*** PROVIDED ENTRIES ***
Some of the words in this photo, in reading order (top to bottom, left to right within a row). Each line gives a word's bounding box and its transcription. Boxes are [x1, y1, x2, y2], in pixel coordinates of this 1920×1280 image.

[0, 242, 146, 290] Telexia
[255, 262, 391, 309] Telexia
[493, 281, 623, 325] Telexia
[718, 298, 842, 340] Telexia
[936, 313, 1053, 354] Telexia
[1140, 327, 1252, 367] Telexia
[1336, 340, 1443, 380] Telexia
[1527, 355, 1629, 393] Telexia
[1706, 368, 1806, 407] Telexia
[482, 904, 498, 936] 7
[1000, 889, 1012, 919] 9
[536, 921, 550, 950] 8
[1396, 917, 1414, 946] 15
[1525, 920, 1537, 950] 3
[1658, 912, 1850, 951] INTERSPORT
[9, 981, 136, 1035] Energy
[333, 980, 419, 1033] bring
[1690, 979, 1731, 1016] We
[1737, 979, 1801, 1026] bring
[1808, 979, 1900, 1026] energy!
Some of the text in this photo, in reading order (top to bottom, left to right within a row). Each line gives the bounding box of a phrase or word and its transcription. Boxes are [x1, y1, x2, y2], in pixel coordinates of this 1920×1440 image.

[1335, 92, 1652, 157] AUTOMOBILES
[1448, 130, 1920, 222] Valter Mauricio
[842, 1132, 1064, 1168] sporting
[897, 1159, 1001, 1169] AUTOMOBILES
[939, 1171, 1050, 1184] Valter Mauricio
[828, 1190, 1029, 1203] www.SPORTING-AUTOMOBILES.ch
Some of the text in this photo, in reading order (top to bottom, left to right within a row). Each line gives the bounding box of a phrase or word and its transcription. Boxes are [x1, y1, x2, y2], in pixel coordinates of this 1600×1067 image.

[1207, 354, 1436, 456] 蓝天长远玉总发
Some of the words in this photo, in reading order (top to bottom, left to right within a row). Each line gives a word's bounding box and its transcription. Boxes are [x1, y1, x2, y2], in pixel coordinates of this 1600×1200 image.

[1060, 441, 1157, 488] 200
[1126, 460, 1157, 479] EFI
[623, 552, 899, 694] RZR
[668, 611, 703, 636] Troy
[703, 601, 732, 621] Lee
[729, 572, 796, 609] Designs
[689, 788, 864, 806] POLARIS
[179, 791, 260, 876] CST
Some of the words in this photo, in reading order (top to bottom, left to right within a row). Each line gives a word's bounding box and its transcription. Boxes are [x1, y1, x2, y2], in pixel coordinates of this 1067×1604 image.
*** End of PROVIDED ENTRIES ***
### BRIEF
Keep every word the same and copy out all of the entries.

### SOLVED PROBLEM
Some of the words in this photo, in reading order (top to bottom, left to right within a row). Each line gives a word's bounding box and its transcription. Boxes are [x1, y1, x2, y2], in pixel coordinates of this 1920×1280 image.

[0, 242, 146, 290] Telexia
[255, 262, 391, 309] Telexia
[493, 281, 623, 325] Telexia
[718, 298, 842, 340] Telexia
[936, 313, 1053, 354] Telexia
[1140, 327, 1252, 367] Telexia
[1336, 340, 1443, 380] Telexia
[1527, 355, 1629, 393] Telexia
[1706, 368, 1806, 407] Telexia
[482, 904, 498, 936] 7
[1000, 889, 1012, 919] 9
[536, 921, 550, 950] 8
[1396, 917, 1414, 946] 15
[1525, 920, 1537, 950] 3
[1658, 912, 1850, 951] INTERSPORT
[9, 981, 136, 1035] Energy
[333, 980, 419, 1033] bring
[1690, 979, 1731, 1016] We
[1737, 979, 1801, 1026] bring
[1808, 979, 1900, 1026] energy!
Some of the text in this photo, in reading order (top to bottom, left to right within a row). Each line gives the bounding box of a phrase or word and its transcription. Boxes are [x1, y1, x2, y2], in pixel coordinates of this 1920×1440 image.

[1335, 92, 1652, 157] AUTOMOBILES
[1448, 130, 1920, 222] Valter Mauricio
[842, 1132, 1064, 1168] sporting
[897, 1159, 1001, 1169] AUTOMOBILES
[939, 1171, 1050, 1184] Valter Mauricio
[828, 1190, 1029, 1203] www.SPORTING-AUTOMOBILES.ch
Some of the text in this photo, in reading order (top to bottom, left to right within a row). Each line gives the bounding box of a phrase or word and its transcription. Boxes are [x1, y1, x2, y2], in pixel coordinates of this 1600×1067 image.

[1207, 354, 1436, 456] 蓝天长远玉总发
Some of the words in this photo, in reading order (top to bottom, left to right within a row). Each line gives a word's bounding box and its transcription. Boxes are [x1, y1, x2, y2], in pixel coordinates of this 1600×1200 image.

[1060, 441, 1157, 488] 200
[1126, 460, 1157, 479] EFI
[623, 552, 899, 694] RZR
[668, 611, 703, 636] Troy
[703, 601, 732, 621] Lee
[729, 572, 796, 609] Designs
[689, 788, 864, 806] POLARIS
[179, 791, 260, 876] CST
Some of the words in this photo, in reading order (top to bottom, left to right within a row). Each line gives a word's bounding box and its transcription. Boxes are [x1, y1, x2, y2], in pixel coordinates of this 1067×1604 image.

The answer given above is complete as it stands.